These methacrylates may be used alone or in combination of two or more.
When using 2 or more types together, the workability | operativity of an inorganic fine particle dispersion | distribution sheet is influenced by the combination of the methacrylate to be used. Specifically, when the amount of methyl methacrylate increases, the sheet becomes hard, and when the amount of butyl methacrylate decreases, the sheet becomes soft. Therefore, in order to improve workability, it is preferable to use a combination of methacrylates within an appropriate range.

The minimum with preferable content of the segment originating in the methacrylate which has a C1-C4 aliphatic hydrocarbon group in the said ester part is 60 weight%, and a preferable upper limit is 70 weight%. When the content of the methacrylate having an aliphatic hydrocarbon group having 1 to 4 carbon atoms in the ester portion is less than 60% by weight, the adverse effect of polyethylene glycol monomethacrylate on the thermal decomposability cannot be ignored, and the residue after firing Since the amount of carbon increases, the decomposition end temperature may also increase. When the content of the methacrylate having an aliphatic hydrocarbon group having 1 to 4 carbon atoms in the ester part exceeds 70% by weight, the strength of the inorganic fine particle dispersed sheet cannot be maintained by reducing the content of polyethylene glycol monomethacrylate, Workability will be greatly impaired.

The binder resin for dispersing inorganic fine particles of the present invention has a segment derived from polyethylene glycol monomethacrylate. Since the segment derived from the polyethylene glycol monomethacrylate has a crystalline structure, the ethylene oxide segment forms a eutectic with a polyethylene glycol chain extending from another molecular chain to form a pseudo-crosslinking point. Therefore, properties similar to rubber can be obtained, and the elongation characteristics can be greatly improved.
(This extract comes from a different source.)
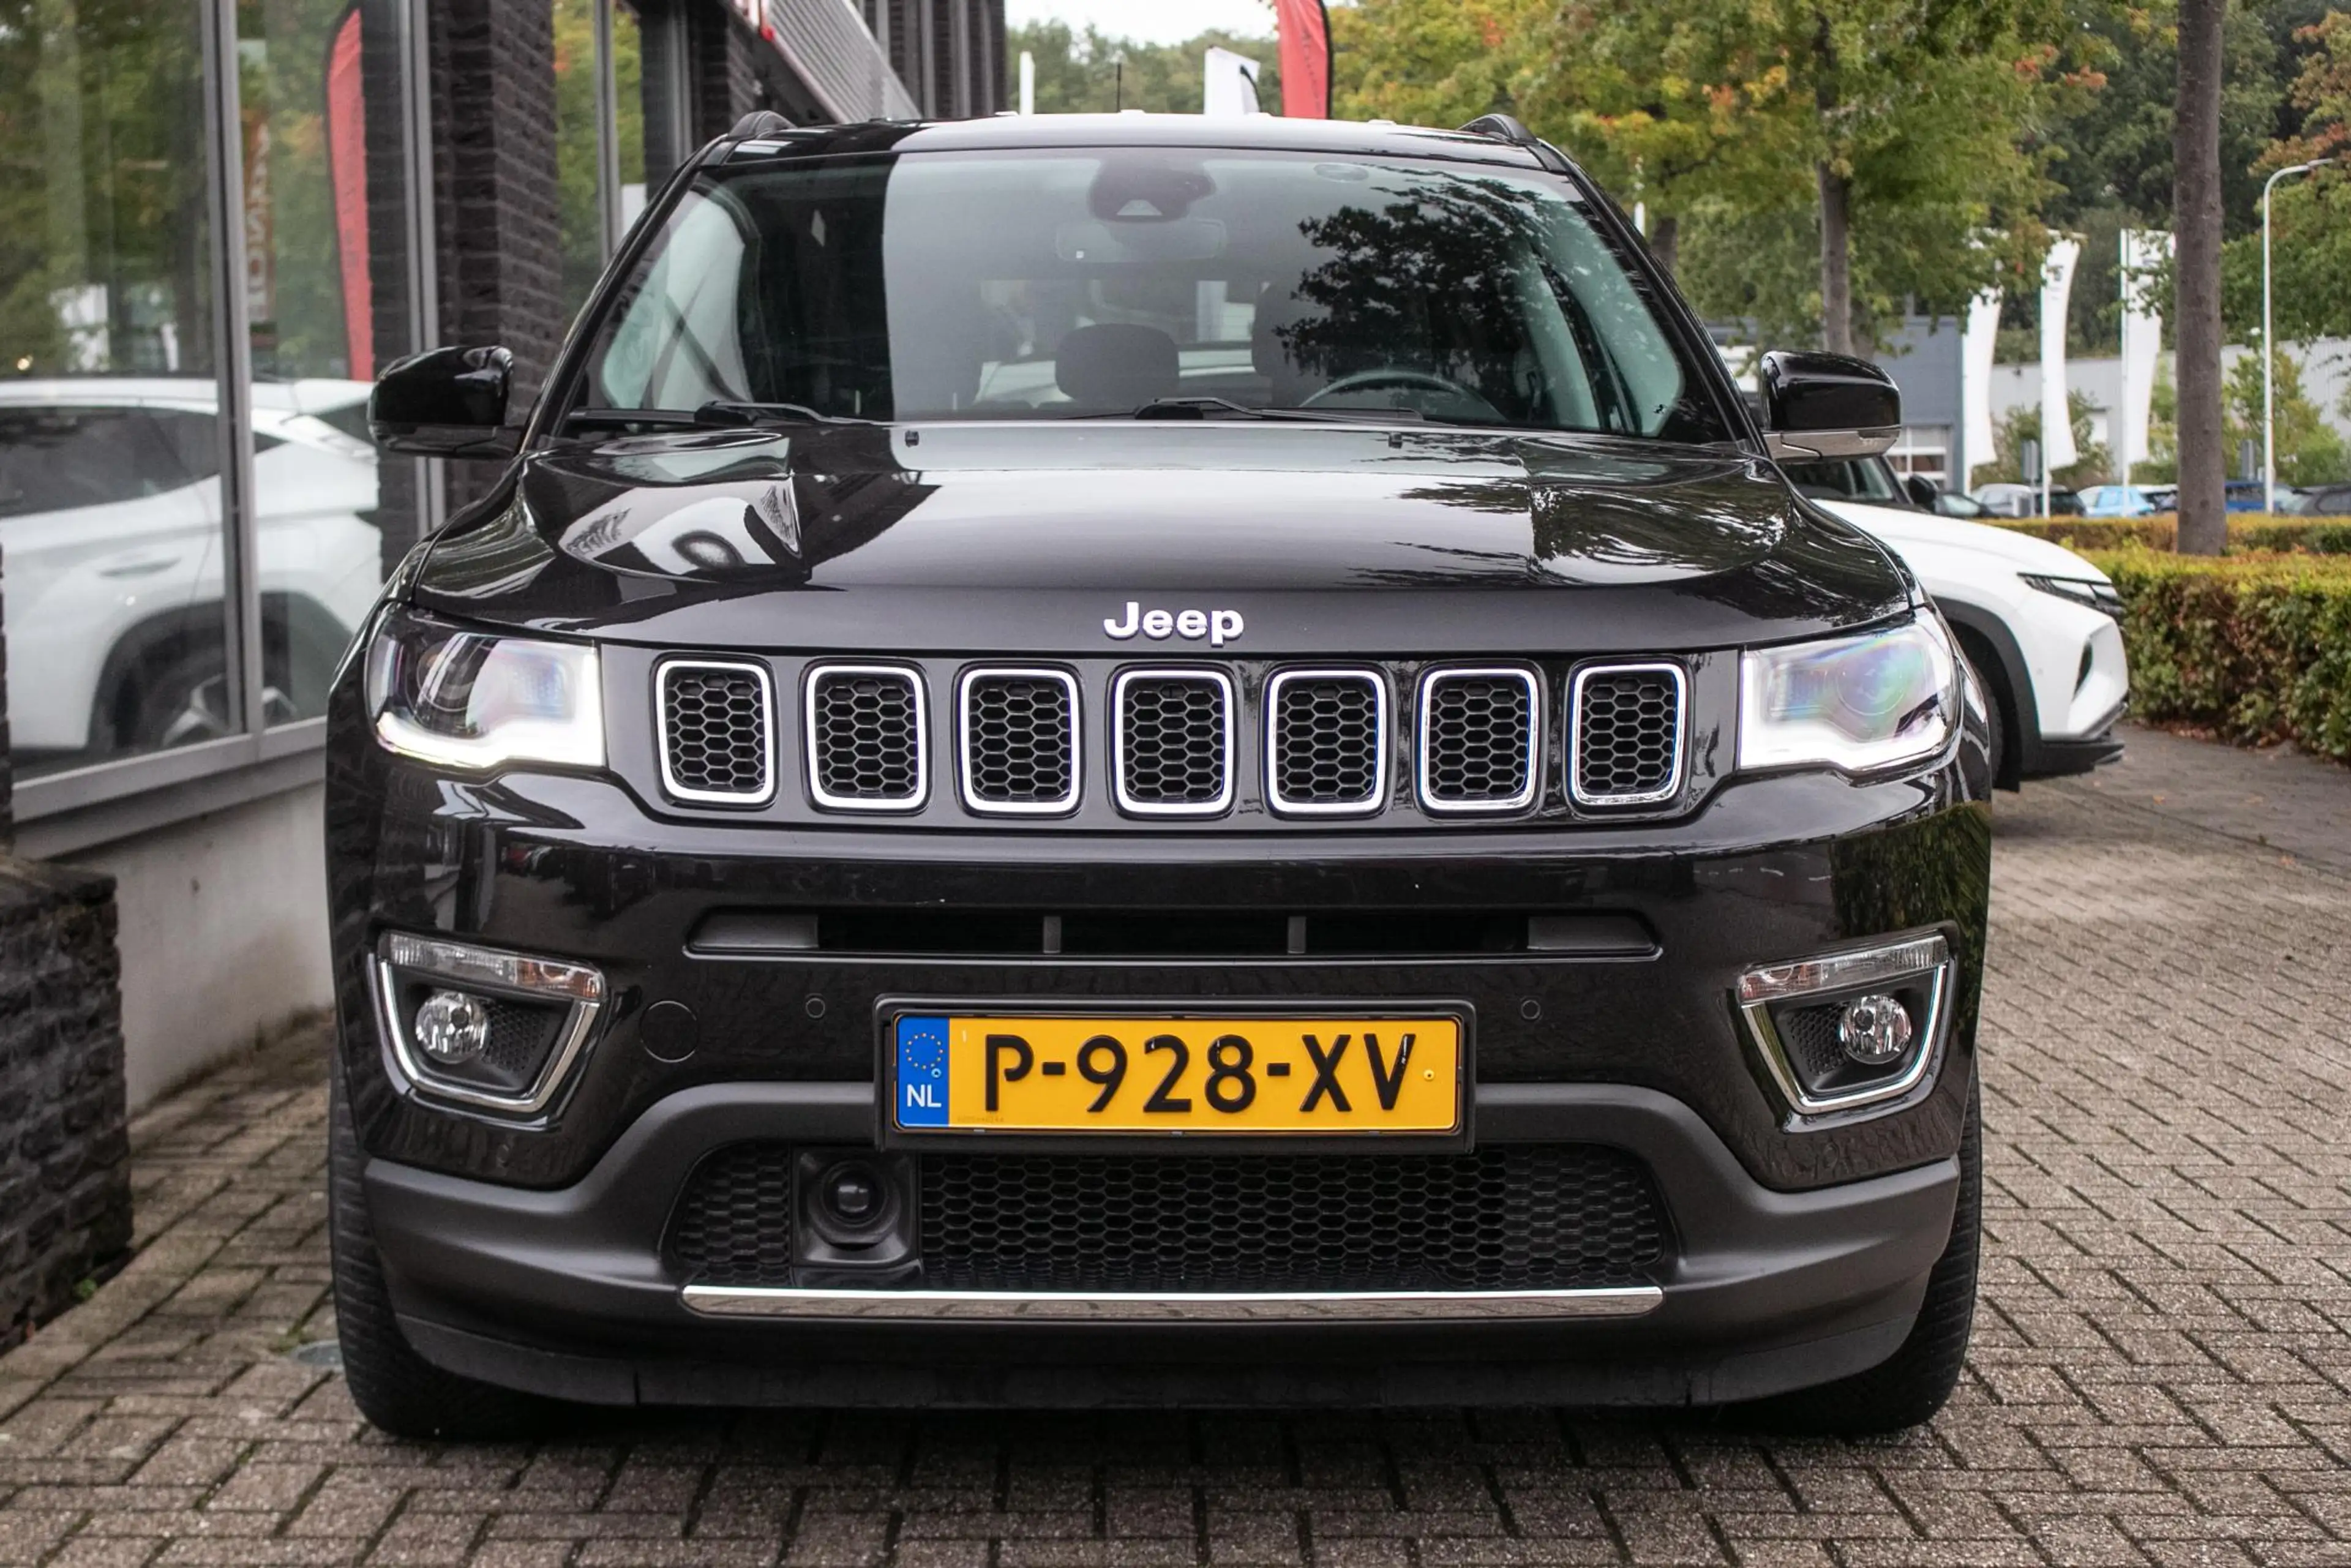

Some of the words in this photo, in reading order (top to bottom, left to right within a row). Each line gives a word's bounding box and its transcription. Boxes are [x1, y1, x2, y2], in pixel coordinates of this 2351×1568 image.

As said polyethyleneglycol monomethacrylate, what has a hydroxyl group, a methoxy group, an ethoxy group, a lauryloxy group, a phenoxy group etc. can be used at the molecular terminal. Further, a copolymer of polyethylene glycol such as polyethylene glycol-polypropylene glycol monomethacrylate and other types of polyethers having a high polyethylene glycol composition ratio and exhibiting crystallinity can also be used.
Specific examples of the polyethylene glycol monomethacrylate include methoxypolyethylene glycol monomethacrylate.

The lower limit of the polyethylene glycol monomethacrylate content is 30% by weight, and the upper limit is 50% by weight. When the content of the polyethylene glycol monomethacrylate is less than 30% by weight, the crystallinity for obtaining a sufficient sheet strength is not expressed, and the workability does not improve because it does not work as a pseudo-crosslinking point. When the content of the polyethylene glycol monomethacrylate exceeds 50% by weight, the degradability is deteriorated and the solubility in the solvent used is lowered. The minimum with preferable content of the said polyethyleneglycol monomethacrylate is 30 weight%, and a preferable upper limit is 40 weight%.

The lower limit of the number of ethylene oxide repeats of the polyethylene glycol monomethacrylate is 20, and the upper limit is 50. When the number of ethylene oxide repeats is less than 20, the crystallinity for obtaining sufficient sheet strength is not expressed, and the workability does not improve because it does not work as a pseudo-crosslinking point. When the repeating number of the ethylene oxide exceeds 50, degradation of degradation or degradation of solubility in the solvent used occurs. Further, at the time of synthesizing the binder resin for dispersing the inorganic fine particles, the coexistence ratio of each homopolymer increases in the copolymer component, so that sufficient strength cannot be imparted even if the crystallinity is confirmed. The preferable lower limit of the number of repeating ethylene oxide is 25, and the preferable upper limit is 35.

In the present invention, the content of the polyethylene glycol monomethacrylate and the number of ethylene oxide repeats must be simultaneously within a predetermined range. It is conceivable to give strength by using a small amount of polyethylene glycol monomethacrylate with a large number of ethylene oxide repeats, but in that case, the number of pseudo-crosslinking points will be reduced, and sufficient strength cannot be imparted, and brittleness will appear strongly. As a result, workability becomes very bad.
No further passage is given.